┌─ Exercise input

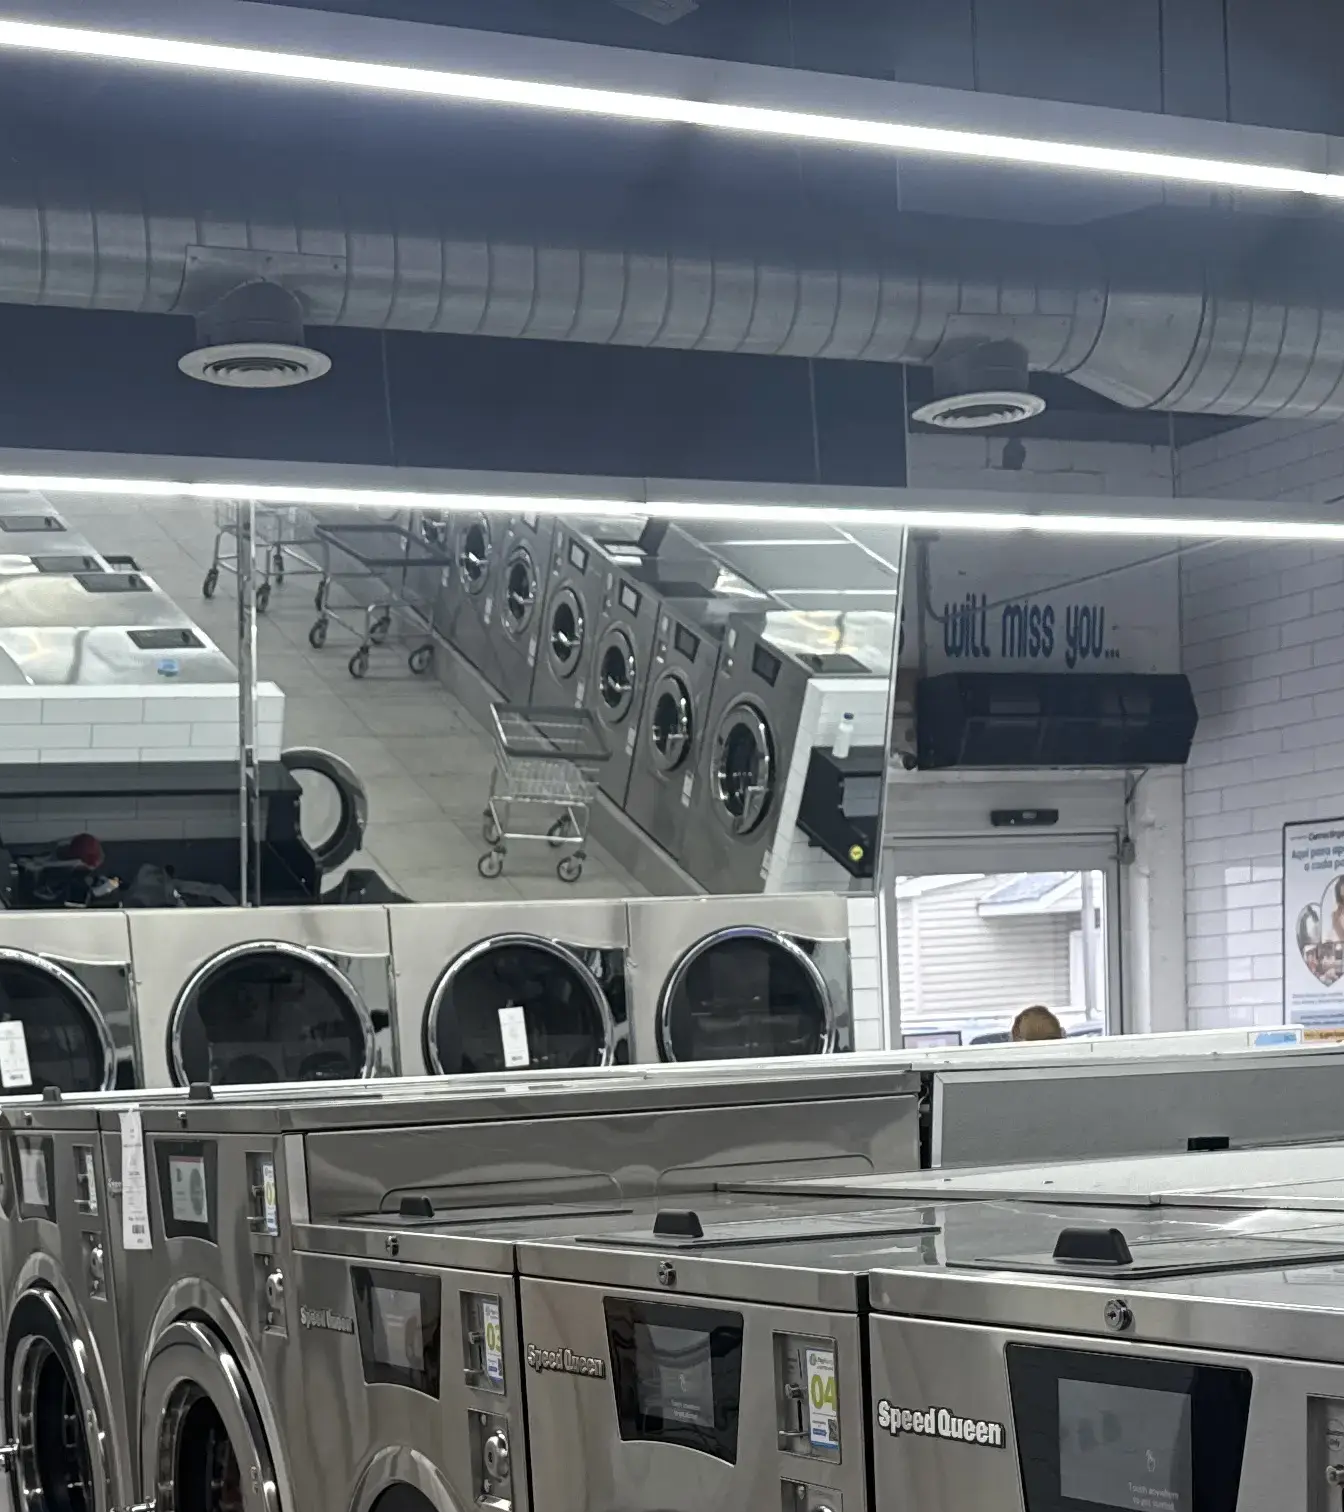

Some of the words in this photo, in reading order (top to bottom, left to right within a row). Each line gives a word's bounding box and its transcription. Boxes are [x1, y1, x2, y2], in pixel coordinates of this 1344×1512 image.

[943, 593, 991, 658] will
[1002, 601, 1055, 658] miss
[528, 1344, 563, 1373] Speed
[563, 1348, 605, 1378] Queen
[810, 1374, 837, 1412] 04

└─

▶ [Problem statement]:
Images do not belong in the copy; reproduce all other parts of the records above verbatim.

▶ [Task result]:
Some of the words in this photo, in reading order (top to bottom, left to right within a row). Each line gives a word's bounding box and its transcription. Boxes are [x1, y1, x2, y2], in pixel coordinates of this 1344×1512 image.

[943, 593, 991, 658] will
[1002, 601, 1055, 658] miss
[528, 1344, 563, 1373] Speed
[563, 1348, 605, 1378] Queen
[810, 1374, 837, 1412] 04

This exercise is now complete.